(PROVIDED RECORDS Opens)

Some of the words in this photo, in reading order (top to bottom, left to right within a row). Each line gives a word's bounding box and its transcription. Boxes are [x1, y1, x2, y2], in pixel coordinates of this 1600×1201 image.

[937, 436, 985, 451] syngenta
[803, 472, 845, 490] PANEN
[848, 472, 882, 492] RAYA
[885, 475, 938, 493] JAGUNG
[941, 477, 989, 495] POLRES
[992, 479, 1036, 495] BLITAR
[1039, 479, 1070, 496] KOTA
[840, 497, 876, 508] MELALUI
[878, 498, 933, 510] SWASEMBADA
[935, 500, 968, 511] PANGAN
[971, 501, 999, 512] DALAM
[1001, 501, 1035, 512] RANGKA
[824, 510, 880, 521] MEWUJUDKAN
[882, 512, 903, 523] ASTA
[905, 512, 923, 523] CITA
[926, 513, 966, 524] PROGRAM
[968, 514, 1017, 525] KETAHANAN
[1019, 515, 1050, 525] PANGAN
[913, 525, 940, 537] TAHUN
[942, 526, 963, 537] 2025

(PROVIDED RECORDS Closes)

### WHAT IS EXPECTED:
Set down the entire material again, exactly as it stands.

### TASK OUTPUT:
Some of the words in this photo, in reading order (top to bottom, left to right within a row). Each line gives a word's bounding box and its transcription. Boxes are [x1, y1, x2, y2], in pixel coordinates of this 1600×1201 image.

[937, 436, 985, 451] syngenta
[803, 472, 845, 490] PANEN
[848, 472, 882, 492] RAYA
[885, 475, 938, 493] JAGUNG
[941, 477, 989, 495] POLRES
[992, 479, 1036, 495] BLITAR
[1039, 479, 1070, 496] KOTA
[840, 497, 876, 508] MELALUI
[878, 498, 933, 510] SWASEMBADA
[935, 500, 968, 511] PANGAN
[971, 501, 999, 512] DALAM
[1001, 501, 1035, 512] RANGKA
[824, 510, 880, 521] MEWUJUDKAN
[882, 512, 903, 523] ASTA
[905, 512, 923, 523] CITA
[926, 513, 966, 524] PROGRAM
[968, 514, 1017, 525] KETAHANAN
[1019, 515, 1050, 525] PANGAN
[913, 525, 940, 537] TAHUN
[942, 526, 963, 537] 2025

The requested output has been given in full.